When the second edition of our book came out, it was a few hundred pages longer than the first. I held out the hope to Tomas that our third edition would be shorter. My logic was that, with programmable shaders coming to the fore, we wouldn’t have to cover all the little variants that were possible, but rather could just present pure algorithms and not worry about the implementation details.

This came true to some extent. For example, we could cut out chunks of text about extremely specific ways to efficiently compute the Fresnel term, or give examples showing how assembly instructions are packed together in a pixel shader. There was now plenty of space on the GPU for shader instructions, so such detail was nonsensical. It would be like a programming languages book listing all the programs that could be written in the language. We still do have to spend time dealing with the vagaries of the APIs, such as the relatively space-inefficient ways in which triangles are fed through the pipeline (e.g. a “compact” representation of a cube must use 24 separate vertices, when all that is really needed are 8 points and 6 normals).

Counterbalancing such cuts in text, we found we had many more algorithms to write about. With both the increase in abilities in each successive generation of GPUs and APIs, coupled with research into ways to efficiently map algorithms onto new architectures, the book became considerably longer (and certainly heavier, since each illustration’s atoms now each needed 3 bytes instead of 1). So, I’m not holding out much hope for a shorter edition next time around-there’s just so much cool stuff that we can now do, and more yet to come.

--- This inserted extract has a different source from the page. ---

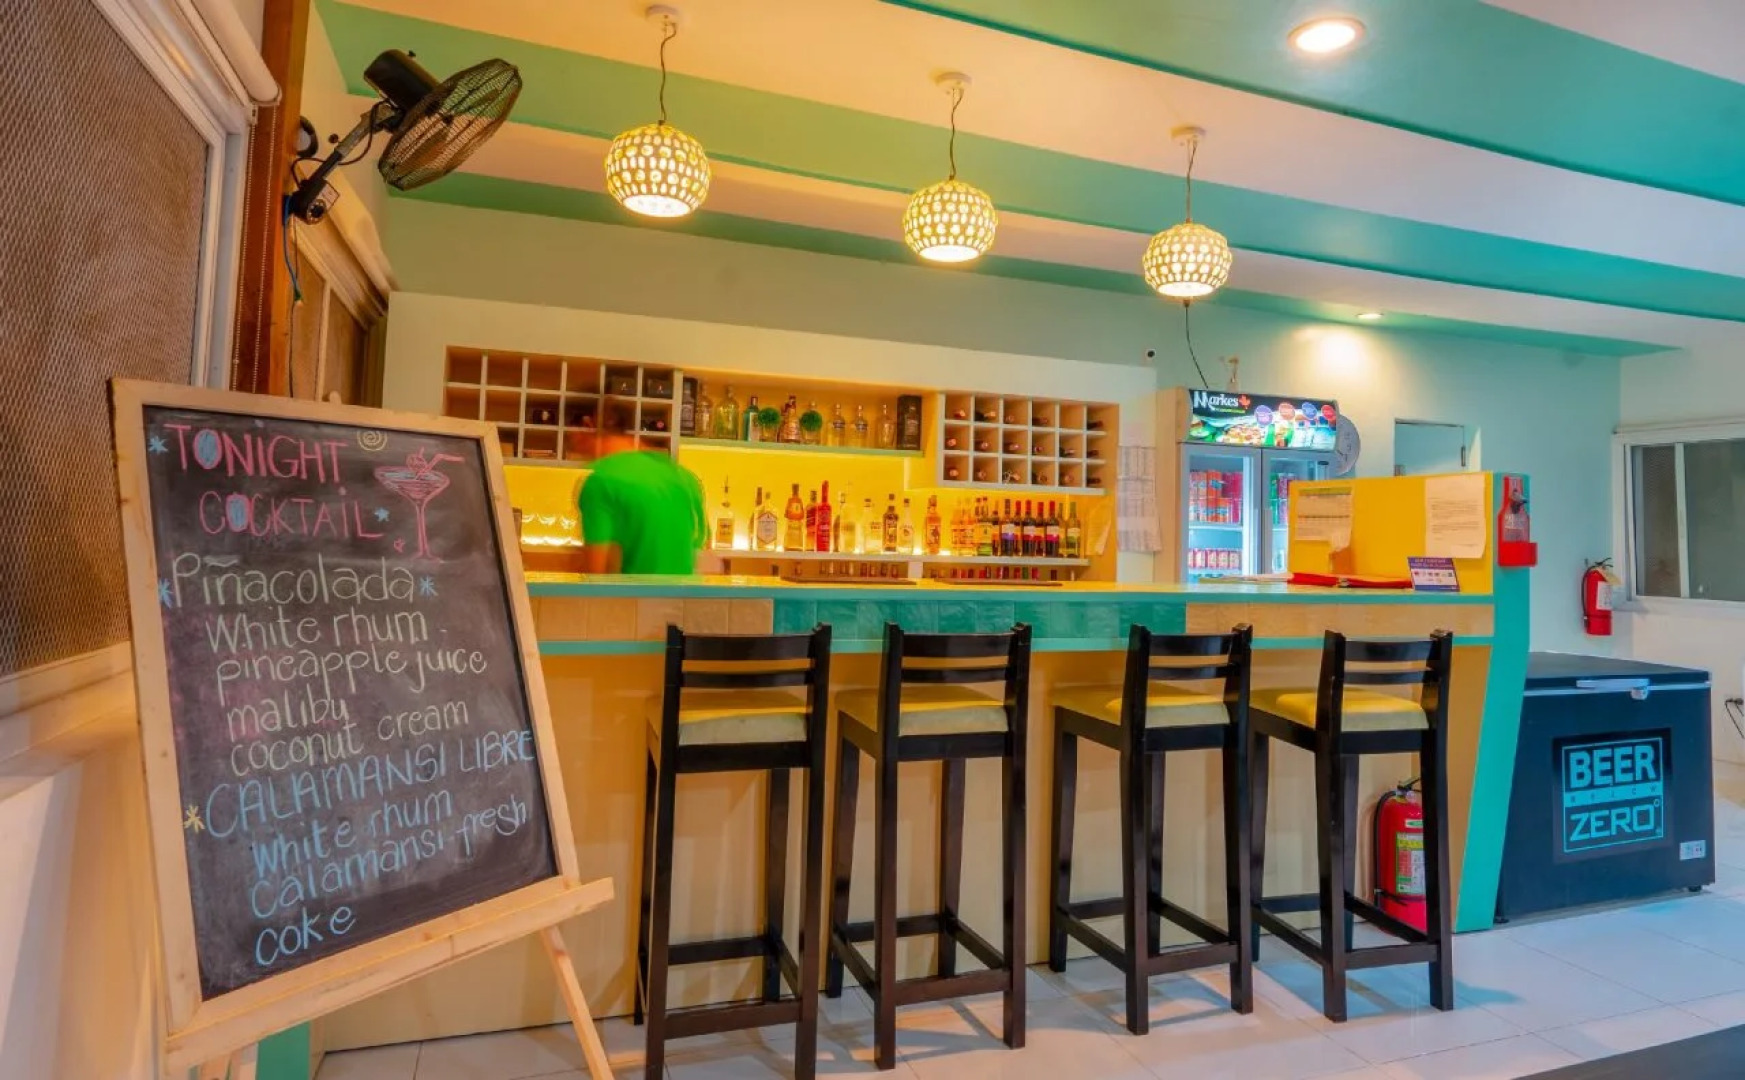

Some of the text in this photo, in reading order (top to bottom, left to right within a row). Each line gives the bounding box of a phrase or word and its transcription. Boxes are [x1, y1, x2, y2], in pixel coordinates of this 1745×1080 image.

Incidentally, we had asked Tim for a pithy quote for our new Hardware chapter. He said he didn’t have anything, but passed on one from Bily Zelsnack. This quote was tempting, but instead we used it in our last chapter: “Pretty soon, computers will be fast,” which I just love for some reason. It may sometimes take 20 seconds to open a file folder on Windows today, but I remain hopeful that someday, someday…

Larrabee

Solid information about Intel’s new Larrabee architecture came out a few days ago, the Level of Detail blog has a good set of links. The major news is that Intel’s SIGGRAPH paper is now available for download from ACM’s Digital Library. Unfortunately, not everyone has access to this site’s resources (it costs money to subscribe). My contribution to the cause:

http://softwarecommunity.intel.com/UserFiles/en-us/File/larrabee_manycore.pdf

Thanks to Tom Forsyth for the link.

I’m excited by Larrabee not because of any particular technical feature (though I’m entirely savoring the paper itself, reading two pages a day at lunch), but rather by the fact that it opens up a whole new ecosystem for implementing graphics algorithms. Regardless of whether Larrabee wins or loses in the long-run, it will have a huge effect in increasing our knowledge by helping us explore different hardware and software designs for rendering.